Trotz Hilfe vom Kanton ein Minus von 14,5 Millionen
2024 war für das Kinderspital nicht nur wegen des Umzugs ein turbulentes Jahr. Im April hatte die Zürcher Gesundheitsdirektion bekanntgegeben, dass sie das Spital mit einem Darlehen von 100 Millionen Franken für den Neubau sowie einem Betriebsbeitrag von 35 Millionen Franken unterstützen werde. Die Rettungsaktion war nötig, weil sich das Kinderspital beim Neubau verkalkuliert hatte.
Ursprünglich war von 550 bis 600 Millionen Franken die Rede, am Ende waren es 761 Millionen. Die private Eleonorenstiftung, die das Spital betreibt, musste fast ihr ganzes Vermögen verbrennen, um die Mehrkosten zu decken.
Der teure Neubau war nicht das einzige Problem, das Spital war auch im Betrieb defizitär. Die Rechnung für 2024 liegt nun vor: Trotz Unterstützung des Kantons von 35 Millionen Franken resultierte ein Minus von 14,5 Millionen. Die Spitalführung begründet dies mit der Teuerung, zu tiefen Tarifen und dem Umzug. Zeitweise mussten zwei Standorte parallel betrieben werden.
Die Verantwortlichen blicken zwar «zuversichtlich in die Zukunft». Aber es sei dringend nötig, dass kindermedizinische Leistungen über die Tarife besser abgegolten würden.
Zumindest für das laufende Jahr hat das Spital nochmals Unterstützung vom Kanton erhalten. Dieser hat Anfang Jahr weitere 25 Millionen Franken gesprochen. Ganz ohne Auflagen passierte dies aber nicht. Die Gesundheitsdirektorin Natalie Rickli verlangte vom Stiftungsrat ausdrücklich, kostensenkende Massnahmen voranzutreiben. Zudem entsendet die Gesundheitsdirektion zwei Aufpasser in den Stiftungsrat – der Kanton war dort seit 2015 nicht mehr vertreten.

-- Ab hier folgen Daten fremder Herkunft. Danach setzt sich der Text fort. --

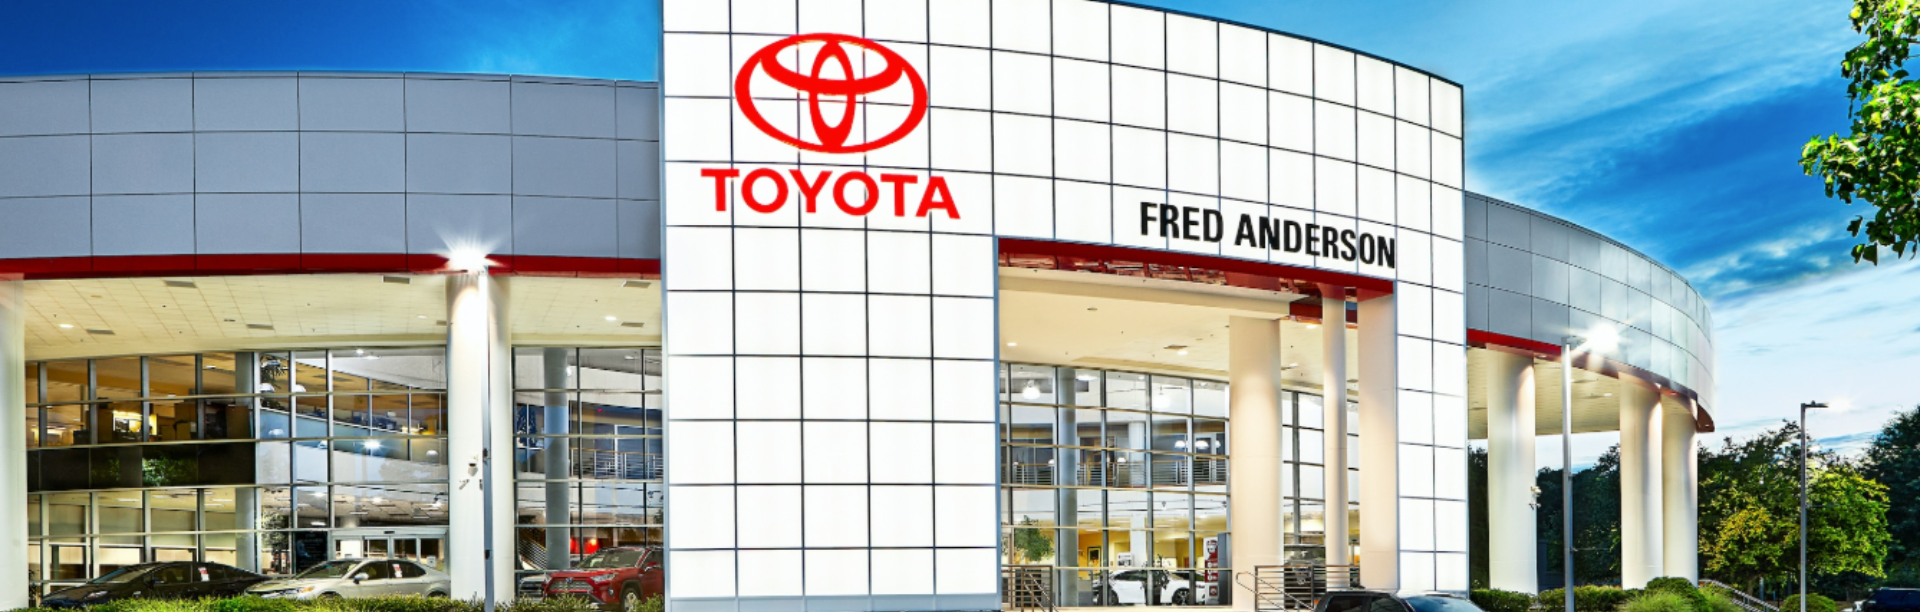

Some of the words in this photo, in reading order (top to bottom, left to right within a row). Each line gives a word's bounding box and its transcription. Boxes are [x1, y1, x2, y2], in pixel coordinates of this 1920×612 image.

«Wenn wir sehen, dass die Sache aus dem Ruder läuft, werden wir weitere Massnahmen prüfen», sagte Rickli im Januar zur NZZ. Nicht zur Entspannung beigetragen hat auch der Umstand, dass der CEO Georg Schäppi das Spital per Ende April verlässt. Die Stiftung sucht einen Nachfolger, interimistisch übernimmt Stephan Gürtler das Amt.
Ein Vorteil dieser Personalie: Gürtler kommt aus der Baubranche und war am neuen Spital massgeblich beteiligt. Er sollte daher – so die Hoffnung des Spitals – die Mängel effizient beheben können.